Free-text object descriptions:
*** Begin section ***

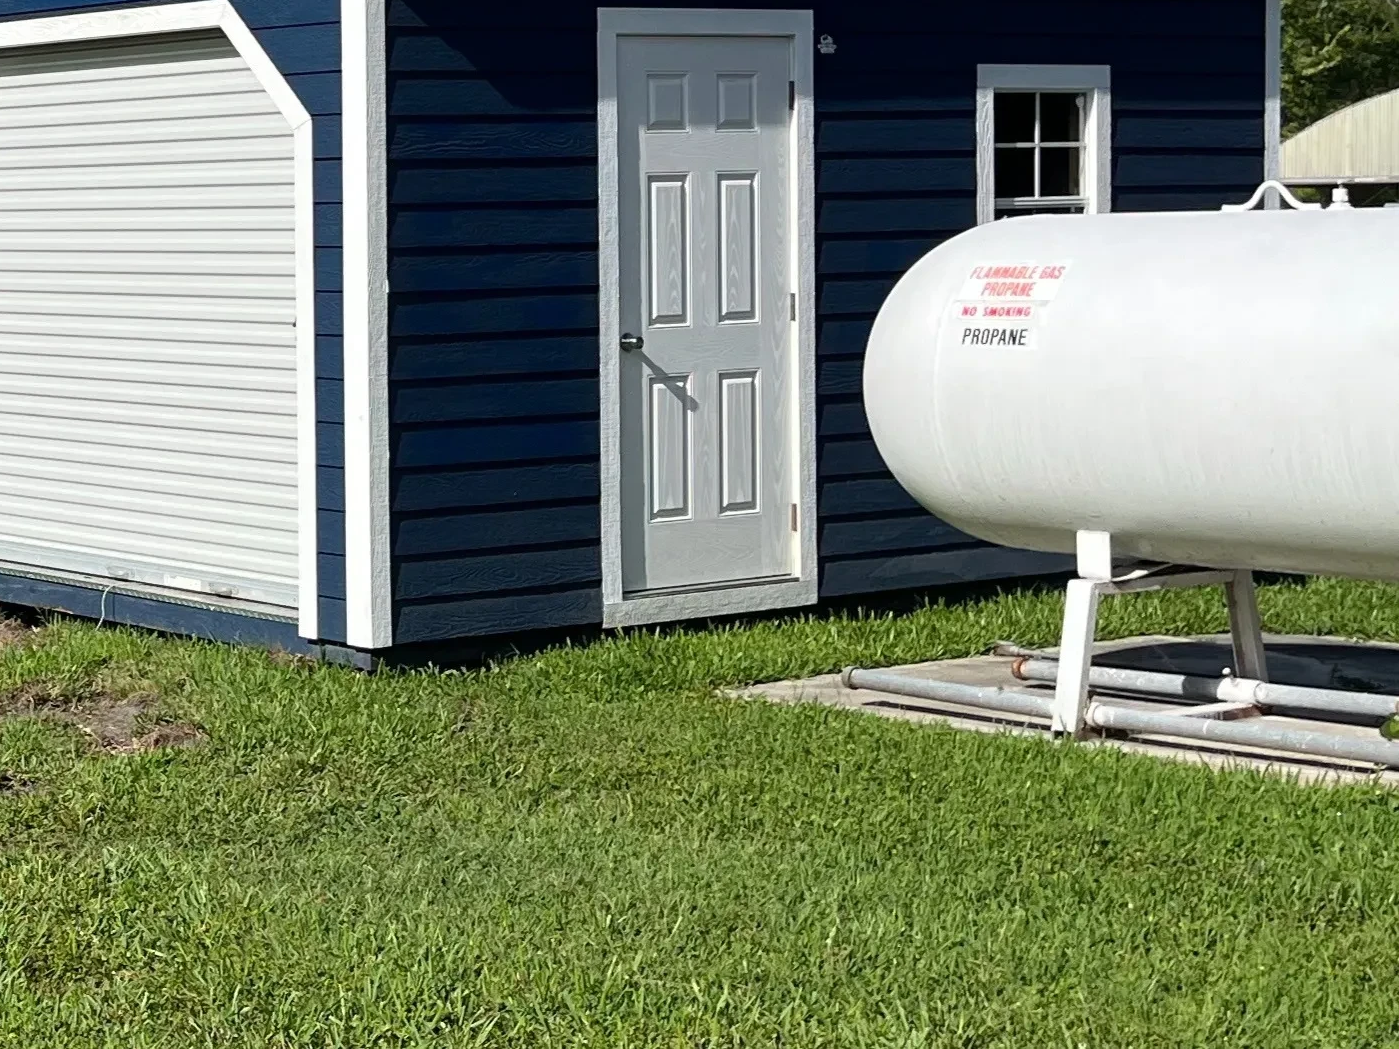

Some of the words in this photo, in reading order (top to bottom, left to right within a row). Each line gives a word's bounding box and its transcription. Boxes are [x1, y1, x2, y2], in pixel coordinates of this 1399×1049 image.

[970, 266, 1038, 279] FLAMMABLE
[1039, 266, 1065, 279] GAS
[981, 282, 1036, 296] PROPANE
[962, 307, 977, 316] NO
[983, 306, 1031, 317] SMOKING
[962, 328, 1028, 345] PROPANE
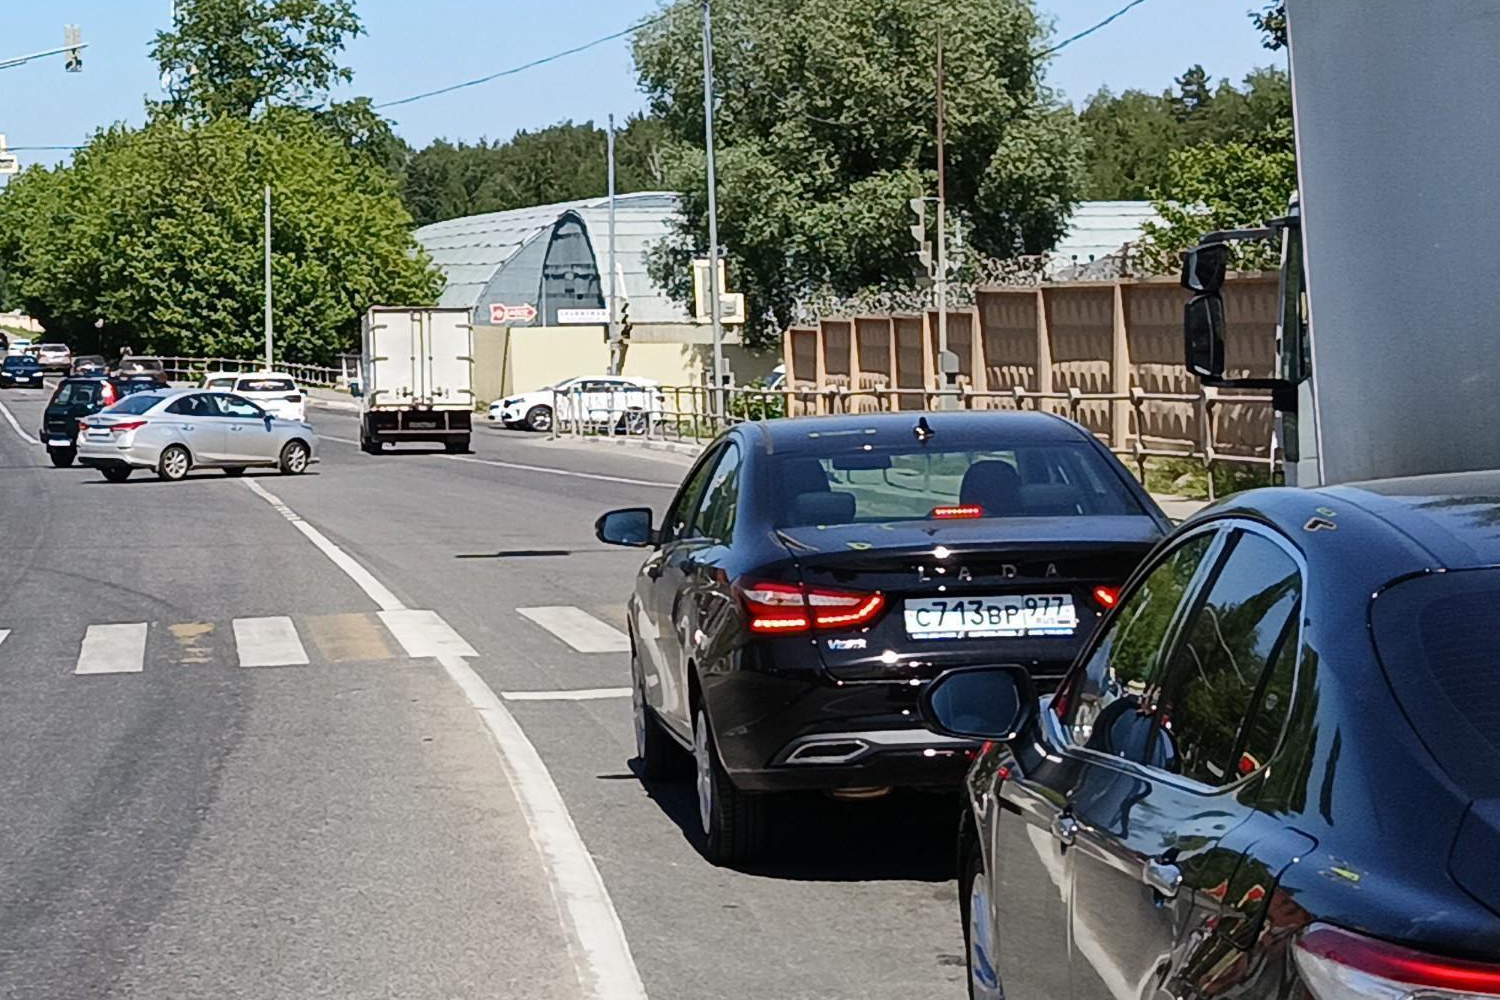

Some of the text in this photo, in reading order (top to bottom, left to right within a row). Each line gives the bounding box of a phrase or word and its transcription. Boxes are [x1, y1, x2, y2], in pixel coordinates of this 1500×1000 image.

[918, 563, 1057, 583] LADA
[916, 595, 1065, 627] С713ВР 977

*** End section ***

=== Exercise prompt ===
Set down the lines of the records above exactly, apart from the pictures.

=== Exercise answer ===
Some of the words in this photo, in reading order (top to bottom, left to right within a row). Each line gives a word's bounding box and its transcription. Boxes are [x1, y1, x2, y2], in pixel coordinates of this 1399×1049 image.

[970, 266, 1038, 279] FLAMMABLE
[1039, 266, 1065, 279] GAS
[981, 282, 1036, 296] PROPANE
[962, 307, 977, 316] NO
[983, 306, 1031, 317] SMOKING
[962, 328, 1028, 345] PROPANE

Some of the text in this photo, in reading order (top to bottom, left to right within a row). Each line gives the bounding box of a phrase or word and its transcription. Boxes are [x1, y1, x2, y2], in pixel coordinates of this 1500×1000 image.

[918, 563, 1057, 583] LADA
[916, 595, 1065, 627] С713ВР 977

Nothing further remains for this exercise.